A closer look at textual history underscores the chronological significance of Whitman’s diction. The word “patriots’,” for example, appears near the opening of a not particularly memorable poem eventually titled “Europe, the 72nd and 73rd Years of These States”: “O hope and faith! / O aching close of exiled patriots’ lives! / O many a sicken’d heart! / Turn back unto this day and make yourselves afresh.” Here the patriotism under discussion operates not in the United States but in Europe, as Whitman meditates on the revolutions of 1848. But what matters more is that this poem, originally titled “Resurgemus” and published in the New York Daily Tribune on July 21, 1850, appeared as the eighth of the original twelve untitled poems in the first edition of Leaves of Grass, where the lines, cast as two long rather than four short ones, read: “O hope and faith! O aching close of lives! O many a sickened heart! / Turn back unto this day, and make yourselves afresh.” Whitman inserted “exiled patriots’” in the third edition of 1860, neither exile nor patriotism having formed a salient enough feature of his 1850 vision to prompt him to include it.
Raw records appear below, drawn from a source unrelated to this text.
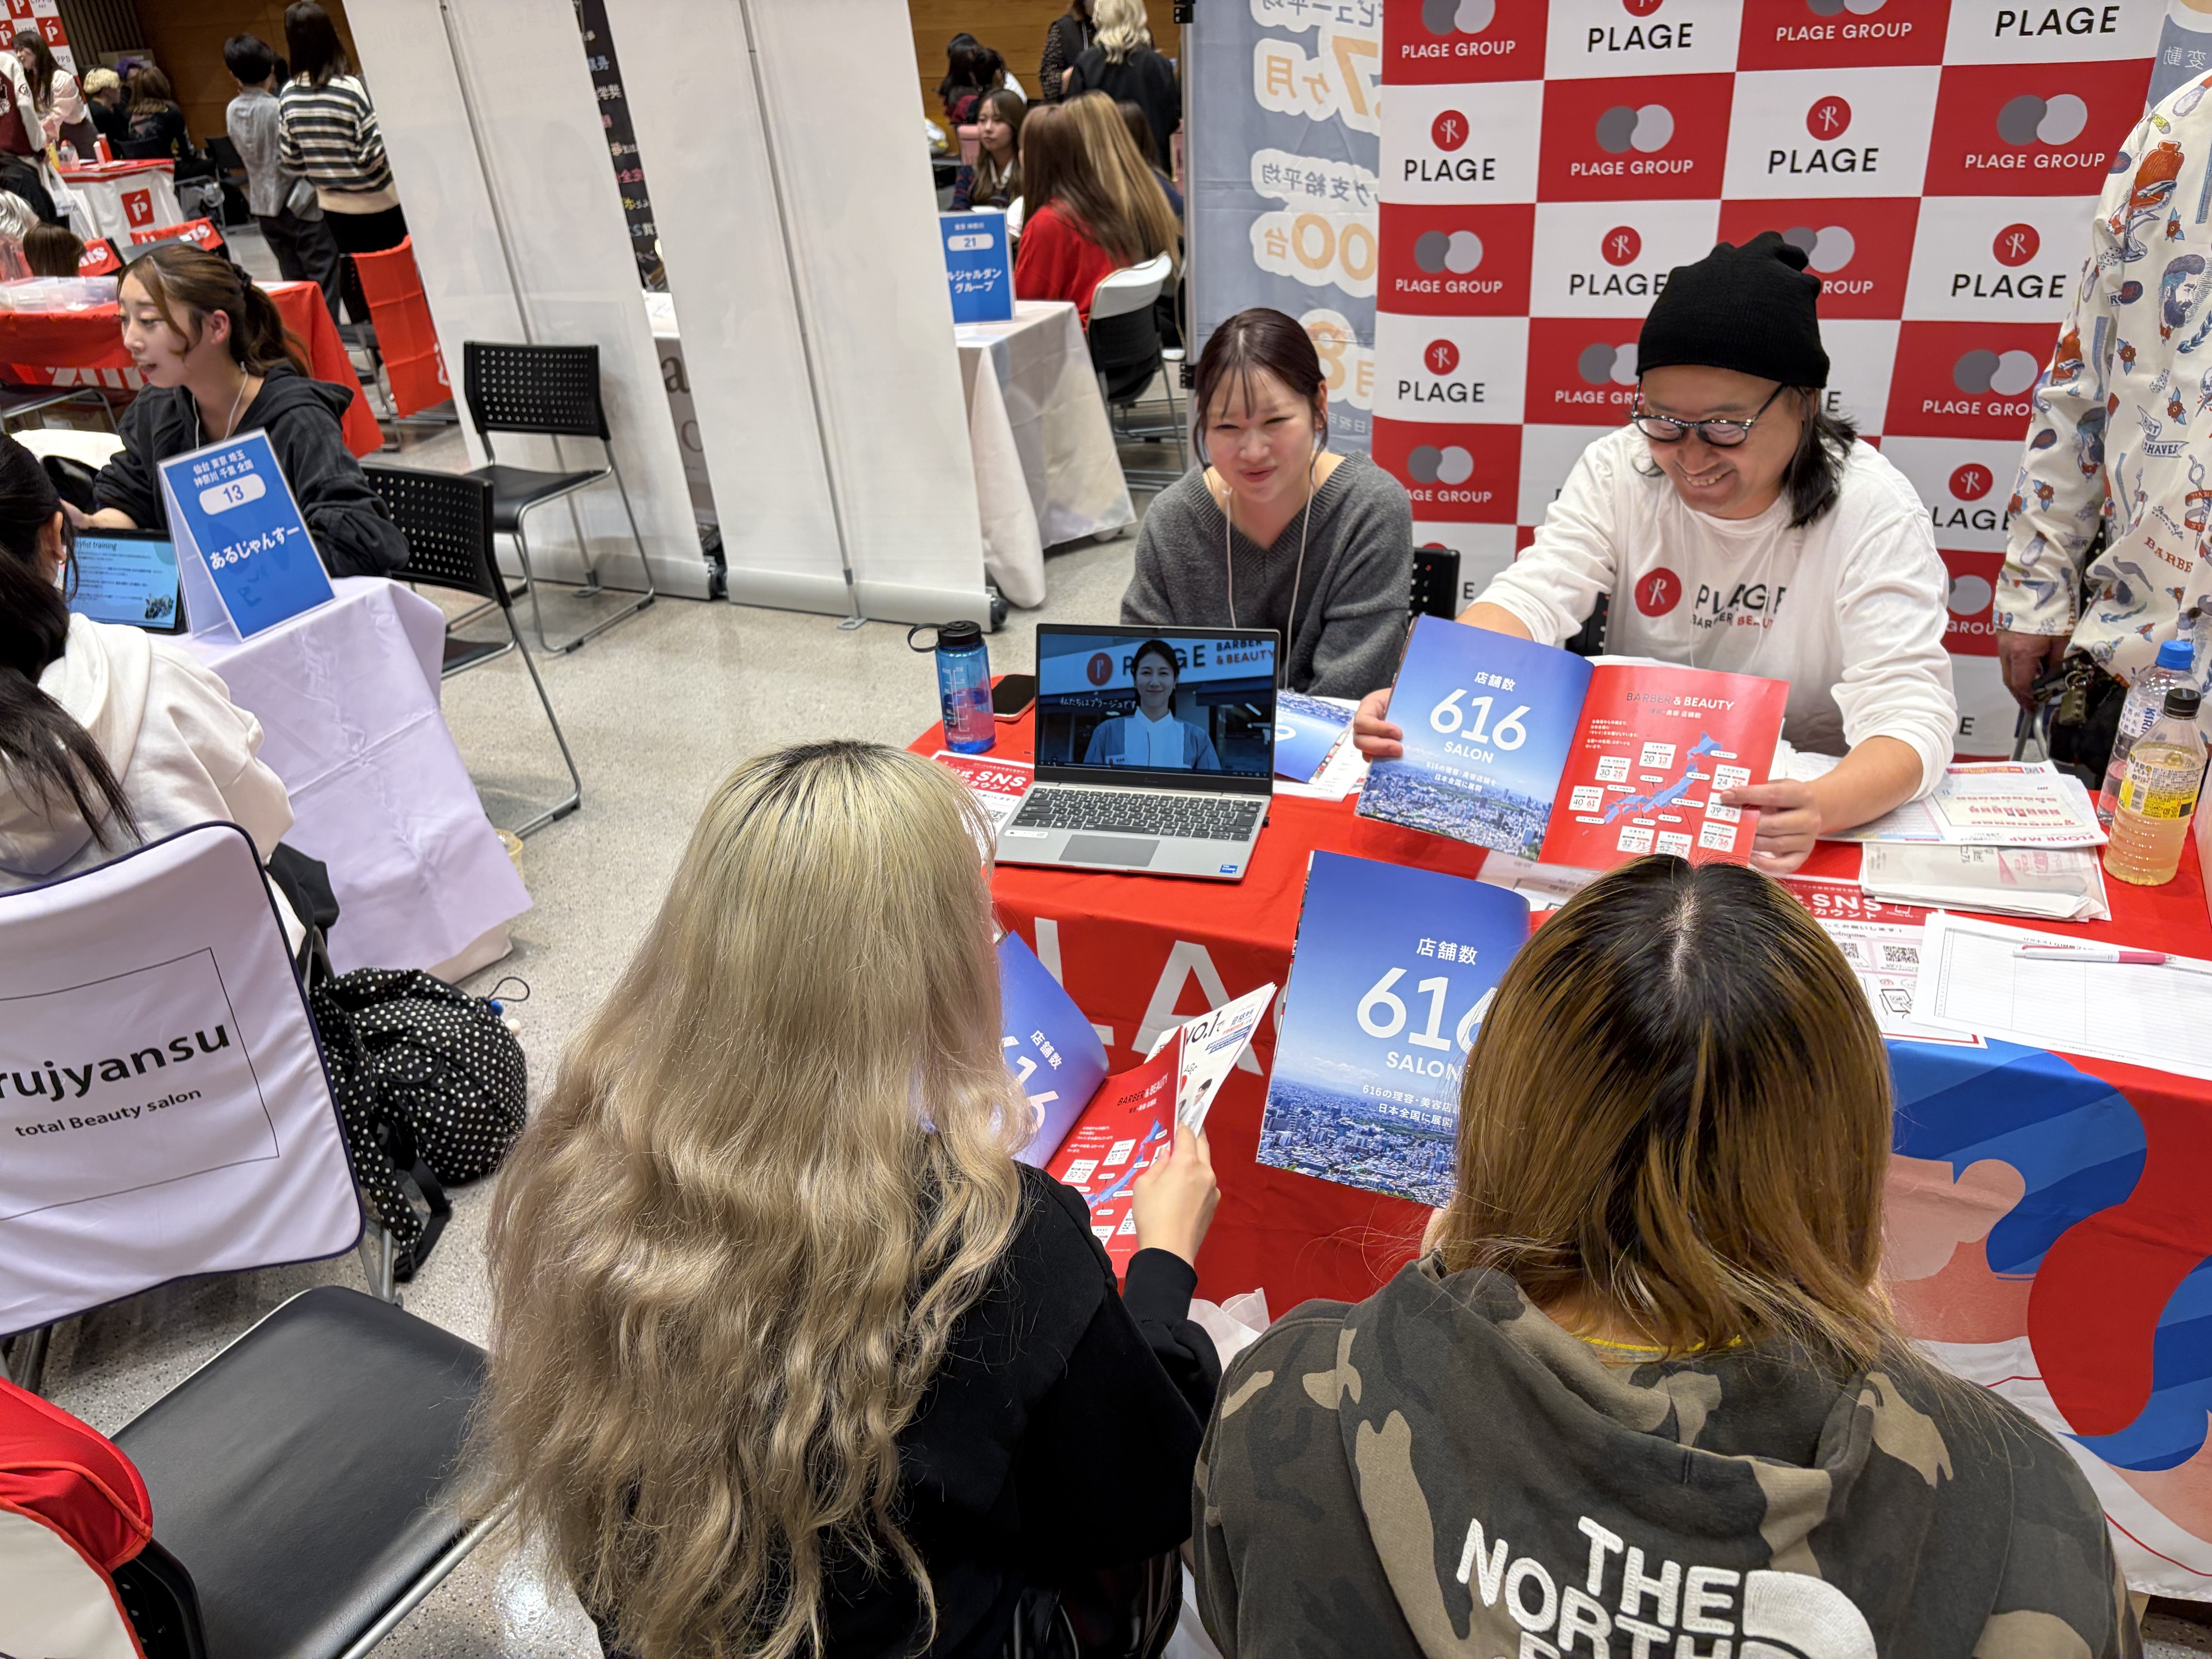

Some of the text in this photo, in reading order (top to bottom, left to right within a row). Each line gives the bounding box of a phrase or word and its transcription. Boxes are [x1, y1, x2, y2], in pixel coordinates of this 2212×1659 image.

[1995, 6, 2120, 37] PLAGE
[1588, 23, 1693, 52] PLAGE
[1776, 23, 1912, 41] PLAGE GROUP
[1402, 41, 1516, 58] PLAGE GROUP
[1404, 158, 1495, 182] PLAGE
[1571, 160, 1693, 176] PLAGE GROUP
[1768, 148, 1879, 173] PLAGE
[1965, 153, 2105, 168] PLAGE GROUP
[964, 237, 977, 248] 21
[1396, 279, 1502, 294] PLAGE GROUP
[1569, 273, 1668, 296] PLAGE
[1821, 280, 1873, 294] ROUP
[1951, 273, 2067, 298] PLAGE
[1398, 380, 1485, 403] PLAGE
[1555, 390, 1645, 404] PLAGE GRO
[1922, 400, 2030, 417] PLAGE GRO
[211, 455, 228, 469] 東京
[228, 449, 246, 463] 埼玉
[194, 459, 255, 488] 神奈川 千葉 全国
[223, 484, 244, 503] 13
[1438, 491, 1493, 503] GROUP
[1933, 506, 2010, 531] LAG
[93, 541, 117, 551] training
[210, 526, 300, 571] あるじゃんすー
[2144, 536, 2194, 573] BARBE
[1946, 621, 1998, 637] GROU
[1217, 640, 1262, 651] BARBER
[1123, 644, 1206, 676] PGE
[1227, 649, 1274, 664] BEAUTY
[1474, 672, 1516, 692] 店舗数
[1626, 693, 1735, 711] BARBER & BEAUTY
[1430, 689, 1531, 751] 616
[1444, 741, 1494, 763] SALON
[1643, 755, 1668, 764] 20 13
[976, 771, 1027, 787] SNS
[1613, 770, 1623, 778] 25
[964, 779, 1011, 792] カウント
[1812, 893, 1883, 912] SNS
[1810, 906, 1877, 920] カウント
[1416, 937, 1478, 966] 店舗数
[1031, 1030, 1062, 1070] 店舗数
[1386, 1051, 1464, 1083] SALON
[1001, 1036, 1060, 1134] 16
[1117, 1090, 1146, 1106] BARBER
[1363, 1084, 1460, 1115] 616の理容・美容店
[15, 1088, 202, 1137] total Beauty salon
[1378, 1103, 1453, 1128] 日本全国に展開
[1578, 1516, 1740, 1636] THE
As for the other three versions of “patriot,” first came “patriotism” in the prose setting of Democratic Vistas, published in two parts in 1867 and 1868, then complete in 1870: “But at present, (judged by any higher scale than that which finds the chief ends of existence to be to feverishly make money during one-half of it, and by some ‘amusement,’ or perhaps foreign travel, flippantly kill time, the other half,) and consider’d with reference to purposes of patriotism, health, a noble personality, religion, and the democratic adjustments, all these swarms of poems, literary magazines, dramatic plays, resultant so far from American intellect, and the formation of our best ideas, are useless and a mockery.” Then came the two instances of “patriot,” first in “Washington’s Monument, February, 1885” (“Now, or to come, or past—where patriot wills existed or exist”) and subsequently in “The Dead Emperor,” a poem published March 10, 1888, in the New York Herald to eulogize Wilhelm I of Germany, “a good old man—a faithful shepherd, patriot.”
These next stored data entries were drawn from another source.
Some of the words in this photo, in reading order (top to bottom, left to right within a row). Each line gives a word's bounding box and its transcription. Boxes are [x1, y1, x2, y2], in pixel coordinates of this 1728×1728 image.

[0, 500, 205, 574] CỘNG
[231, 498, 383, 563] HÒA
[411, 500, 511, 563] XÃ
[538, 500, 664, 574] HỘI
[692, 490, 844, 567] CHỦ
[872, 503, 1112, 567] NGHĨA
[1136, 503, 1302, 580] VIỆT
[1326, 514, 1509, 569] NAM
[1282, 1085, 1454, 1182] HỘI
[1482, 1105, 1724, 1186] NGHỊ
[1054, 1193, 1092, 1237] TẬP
Of these four direct references to patriotism, only the one from Democratic Vistas, which sweepingly indicts the productions of American literature through the Civil War, suggests a much larger context for considering patriotism as a virtue or a quality Whitman valued. Different readers might offer different explanations for the paucity of direct references to patriotism in Whitman’s writing, but one that feels plausible to me is that someone so deeply engaged in celebrating various aspects of the United States, and in identifying himself with his image or images of an American ethos, had little need or ability to separate himself from that celebration and objectify it with an abstract term like “patriotism.” Or, to put the matter more bluntly and reductively, Whitman was too busy celebrating himself and his country, and insisting on the connections between them, to spend much time crowing self-righteously about how patriotic he was and how deeply he believed in the value of patriotism.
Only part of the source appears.